Your answer must be an exact copy of the listing, with the images left out.

* _PROVIDED INFORMATION_
________________

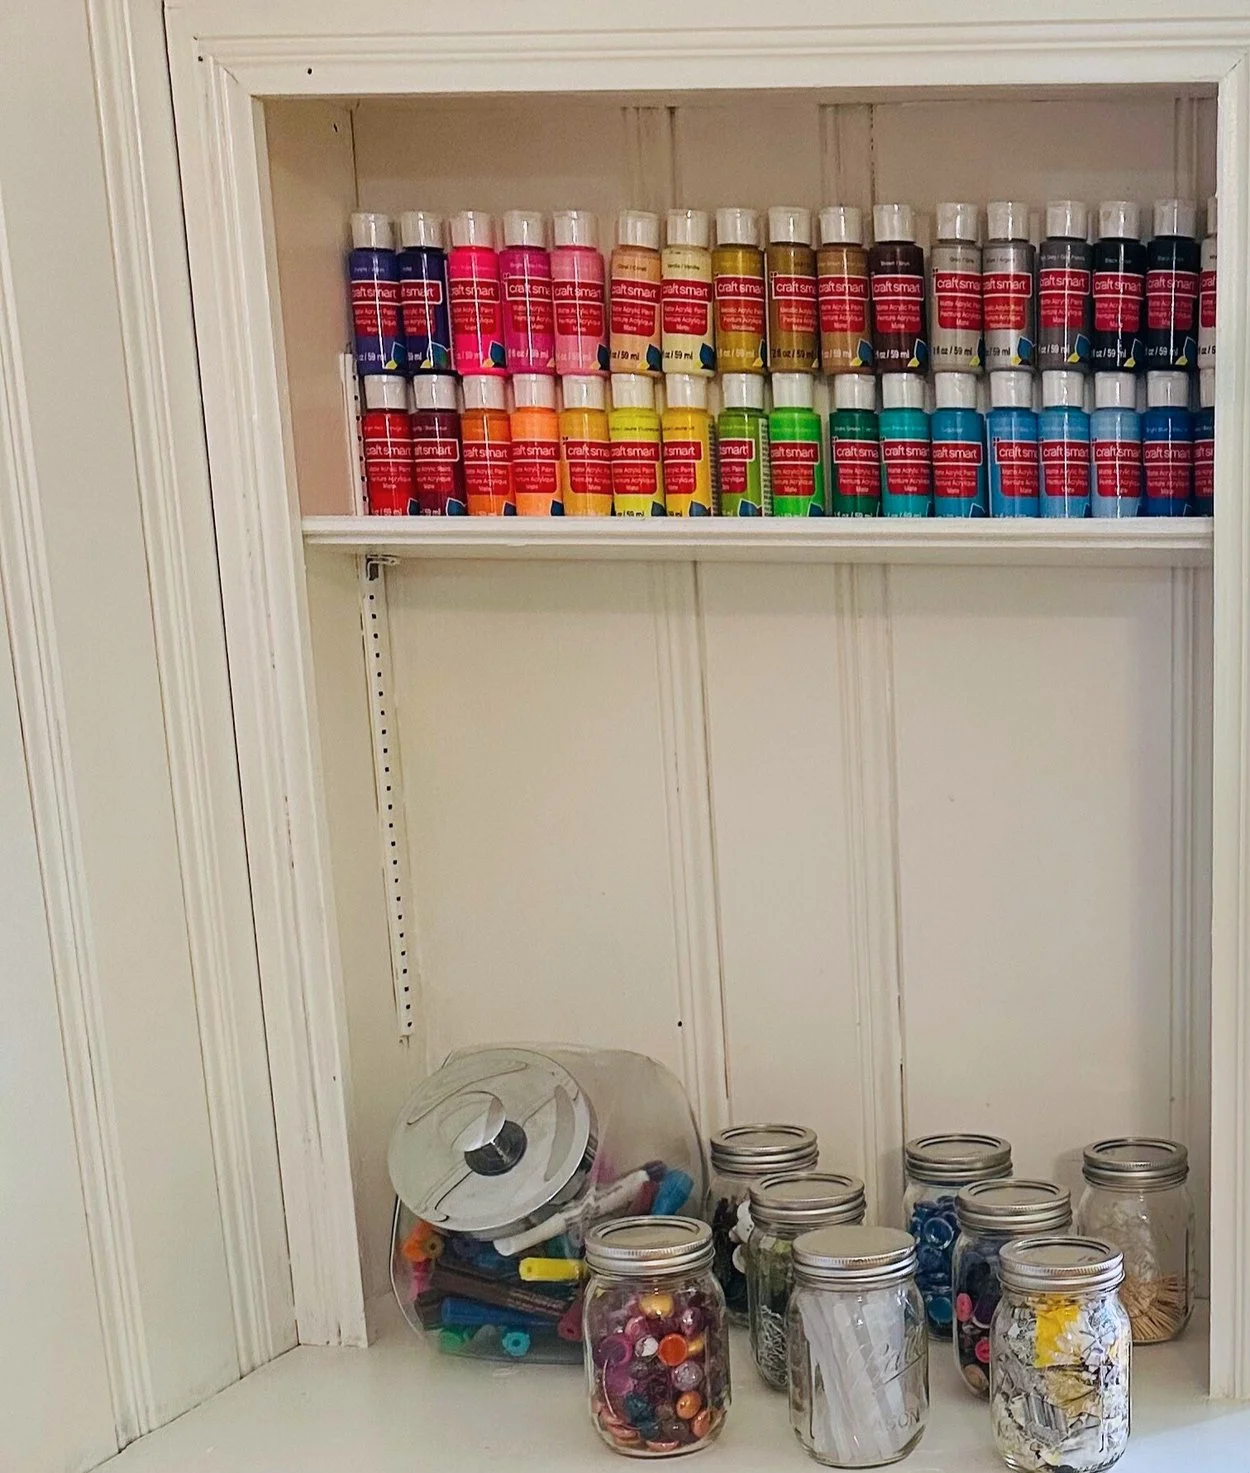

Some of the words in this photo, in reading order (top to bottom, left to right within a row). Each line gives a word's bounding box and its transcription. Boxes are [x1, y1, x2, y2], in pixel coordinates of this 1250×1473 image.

[718, 281, 738, 293] craft
[776, 281, 799, 292] craft
[874, 281, 892, 293] craft
[893, 283, 920, 294] smart
[937, 276, 959, 289] craft
[959, 279, 981, 291] sma
[997, 279, 1025, 291] smart
[1056, 278, 1085, 288] smart
[1095, 278, 1114, 290] craft
[1148, 276, 1166, 288] craft
[532, 285, 552, 296] sma
[627, 286, 656, 299] smart
[679, 285, 708, 297] smart
[835, 283, 864, 294] smart
[423, 446, 452, 456] smart
[527, 446, 555, 456] smart
[568, 444, 590, 456] craft
[590, 447, 610, 457] sma
[627, 446, 655, 457] smart
[668, 446, 695, 456] smart
[785, 447, 814, 458] smart
[836, 445, 858, 457] craft
[859, 448, 879, 458] sma
[885, 444, 905, 456] craft
[948, 448, 977, 459] smart
[999, 446, 1022, 459] craft
[1043, 445, 1064, 457] craft
[1096, 445, 1116, 457] craft
[1145, 446, 1163, 459] craft
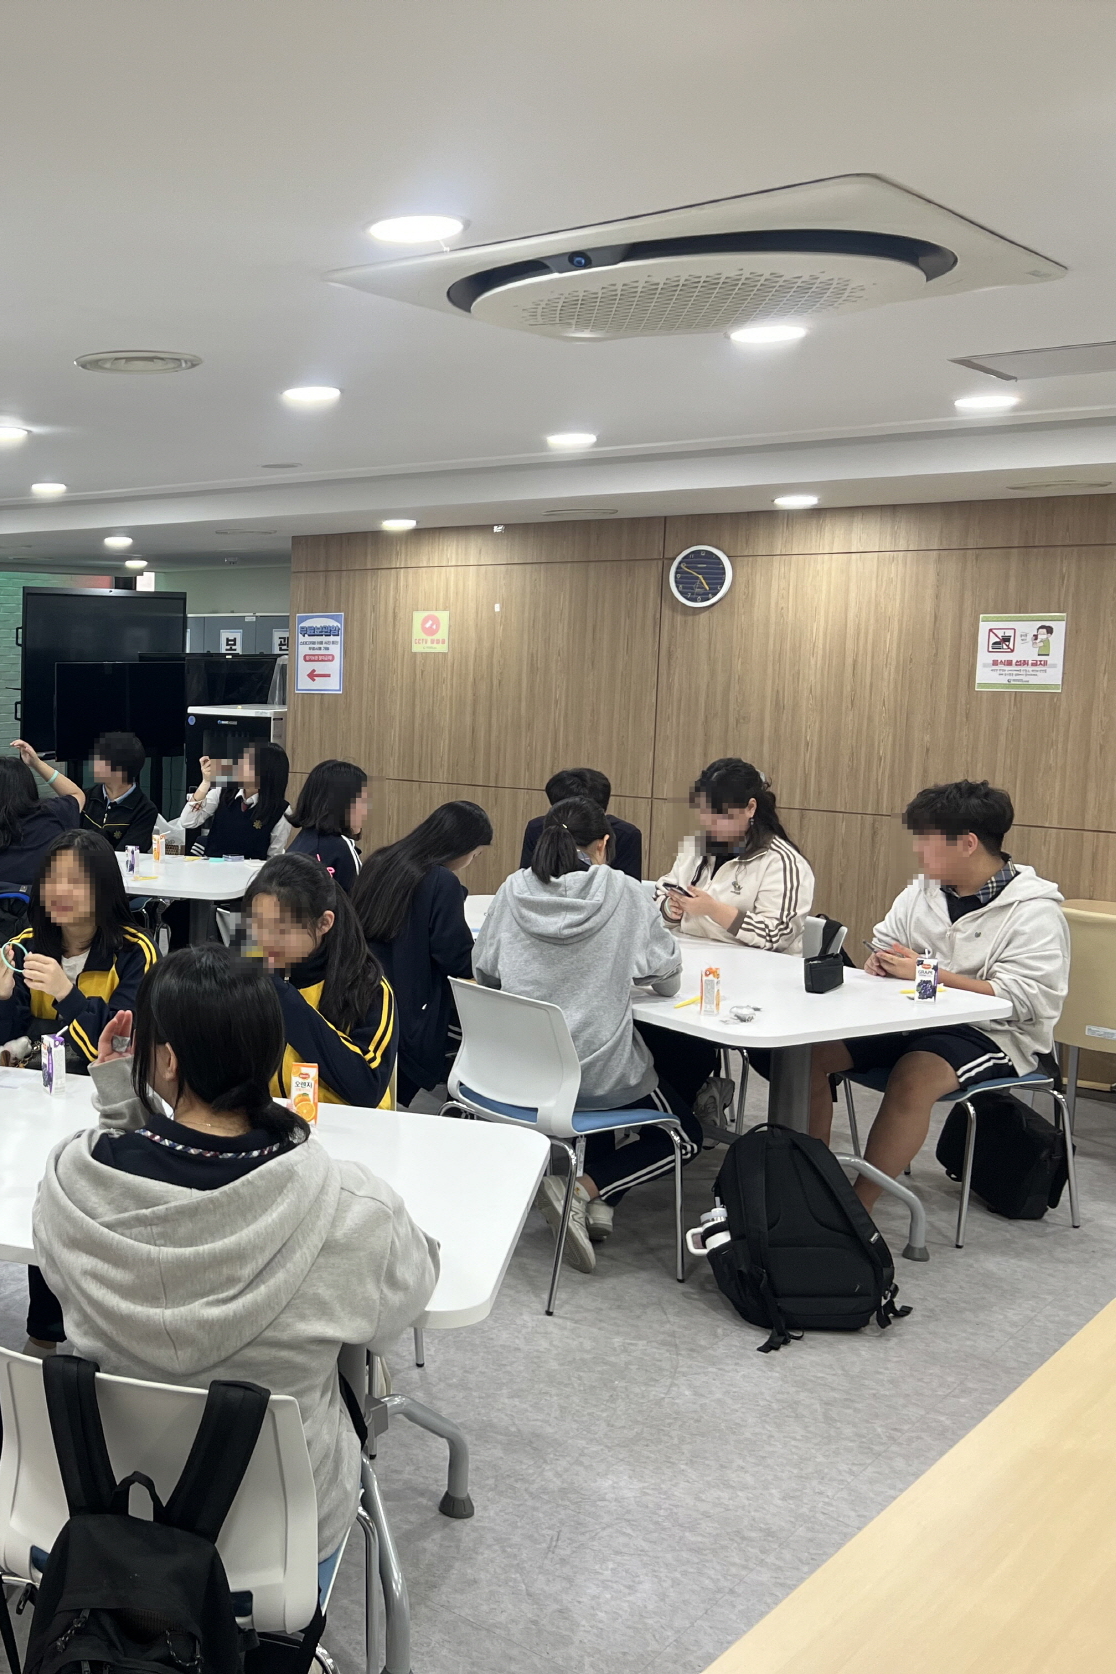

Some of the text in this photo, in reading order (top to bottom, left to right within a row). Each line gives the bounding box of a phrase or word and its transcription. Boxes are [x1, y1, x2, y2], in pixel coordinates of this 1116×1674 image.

[224, 637, 237, 652] 보
[1014, 659, 1030, 667] 섭취
[294, 1080, 313, 1089] 오렌지
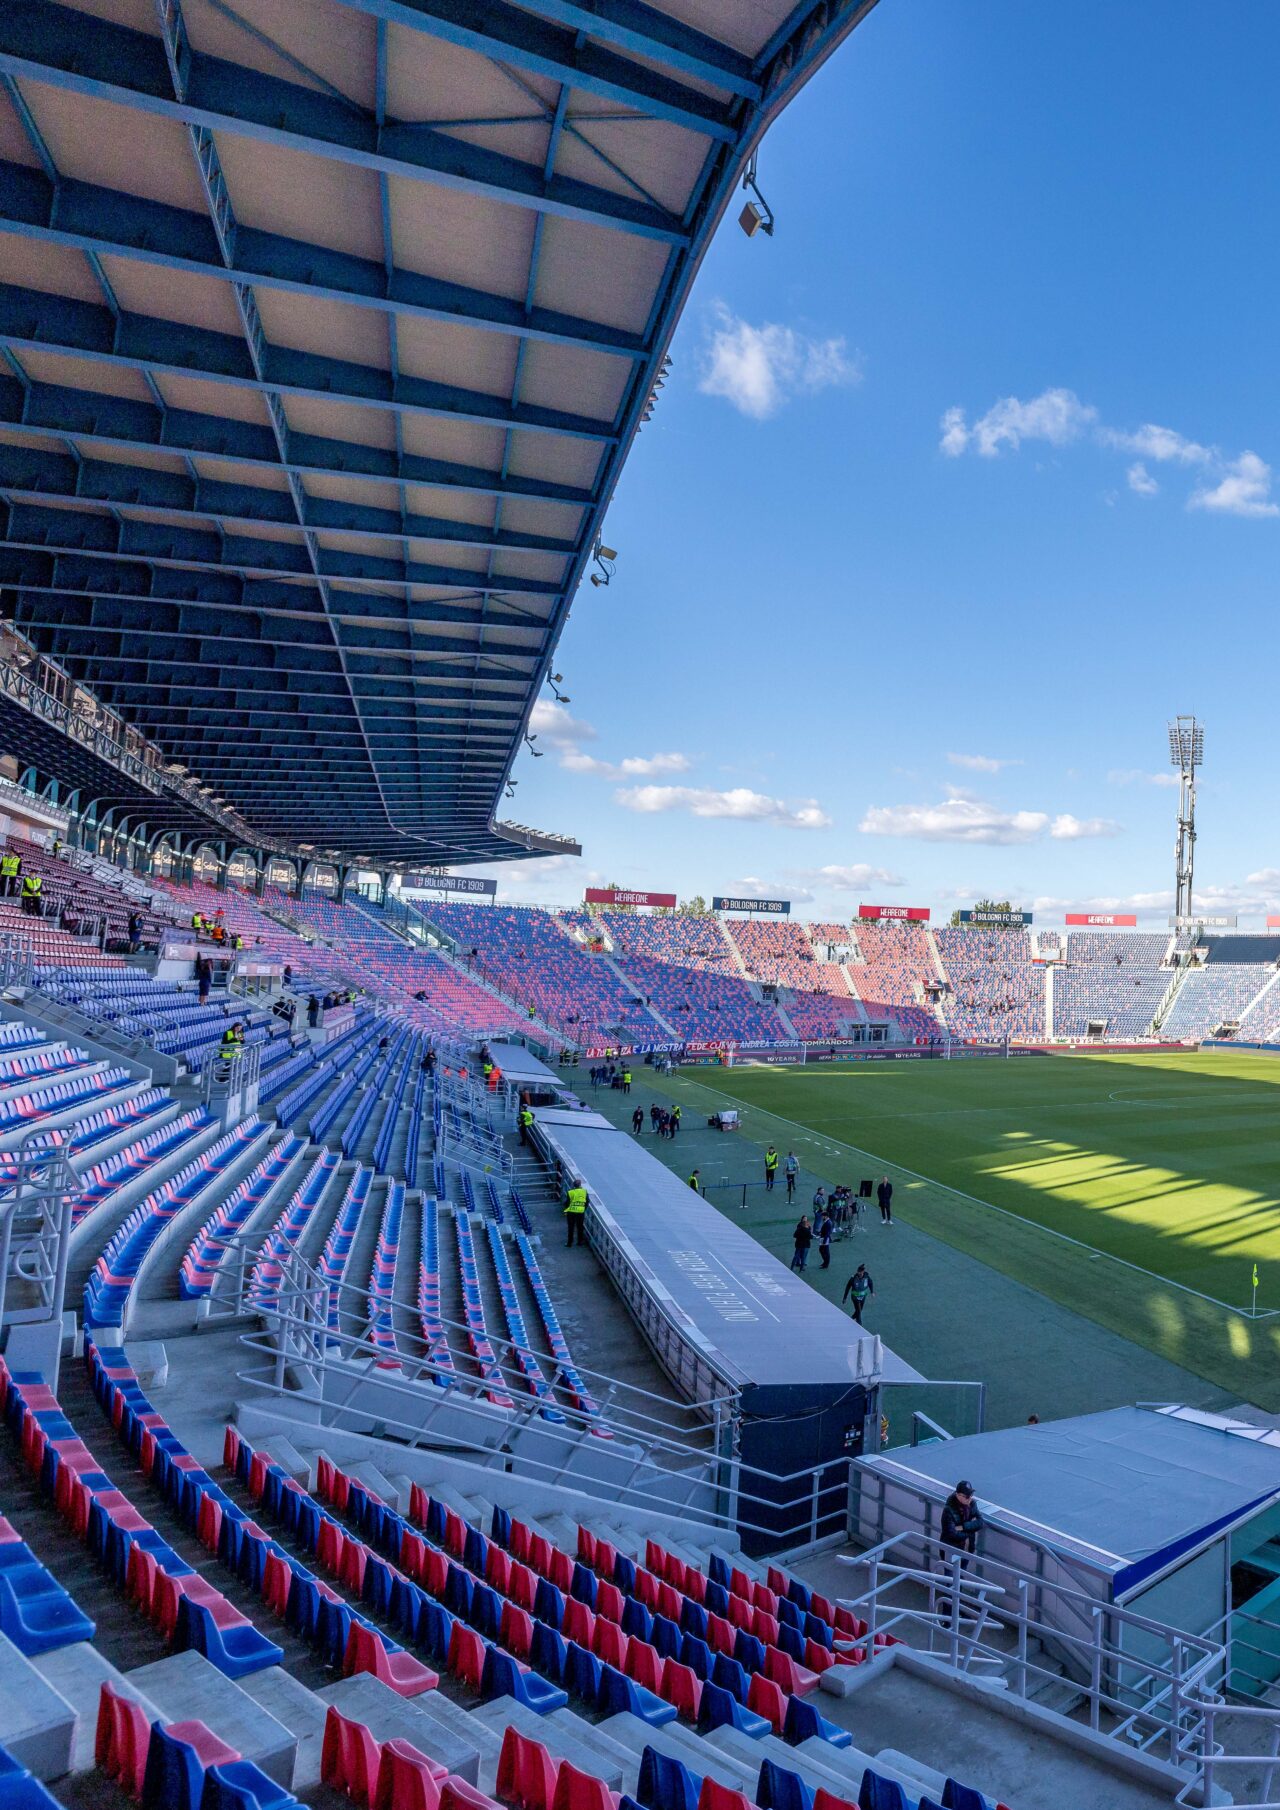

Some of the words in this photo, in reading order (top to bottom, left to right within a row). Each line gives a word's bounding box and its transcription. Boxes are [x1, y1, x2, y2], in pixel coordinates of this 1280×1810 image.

________________

* _REPLY_
Some of the words in this photo, in reading order (top to bottom, left to right within a row). Each line gives a word's bounding box and its transcription. Boxes are [x1, y1, x2, y2], in pixel coordinates of this 1250×1473 image.

[718, 281, 738, 293] craft
[776, 281, 799, 292] craft
[874, 281, 892, 293] craft
[893, 283, 920, 294] smart
[937, 276, 959, 289] craft
[959, 279, 981, 291] sma
[997, 279, 1025, 291] smart
[1056, 278, 1085, 288] smart
[1095, 278, 1114, 290] craft
[1148, 276, 1166, 288] craft
[532, 285, 552, 296] sma
[627, 286, 656, 299] smart
[679, 285, 708, 297] smart
[835, 283, 864, 294] smart
[423, 446, 452, 456] smart
[527, 446, 555, 456] smart
[568, 444, 590, 456] craft
[590, 447, 610, 457] sma
[627, 446, 655, 457] smart
[668, 446, 695, 456] smart
[785, 447, 814, 458] smart
[836, 445, 858, 457] craft
[859, 448, 879, 458] sma
[885, 444, 905, 456] craft
[948, 448, 977, 459] smart
[999, 446, 1022, 459] craft
[1043, 445, 1064, 457] craft
[1096, 445, 1116, 457] craft
[1145, 446, 1163, 459] craft

Some of the text in this photo, in reading order (top to bottom, left to right within a row). Each line gives the bounding box of a phrase or word and its transcription. Boxes are [x1, y1, x2, y2], in pixel coordinates of this 1116×1674 image.

[224, 637, 237, 652] 보
[1014, 659, 1030, 667] 섭취
[294, 1080, 313, 1089] 오렌지

Some of the words in this photo, in reading order (top to bottom, left to right within a row). Each line gives a word's bounding box and its transcription. Boxes are [x1, y1, x2, y2], in pixel coordinates of this 1280×1810 image.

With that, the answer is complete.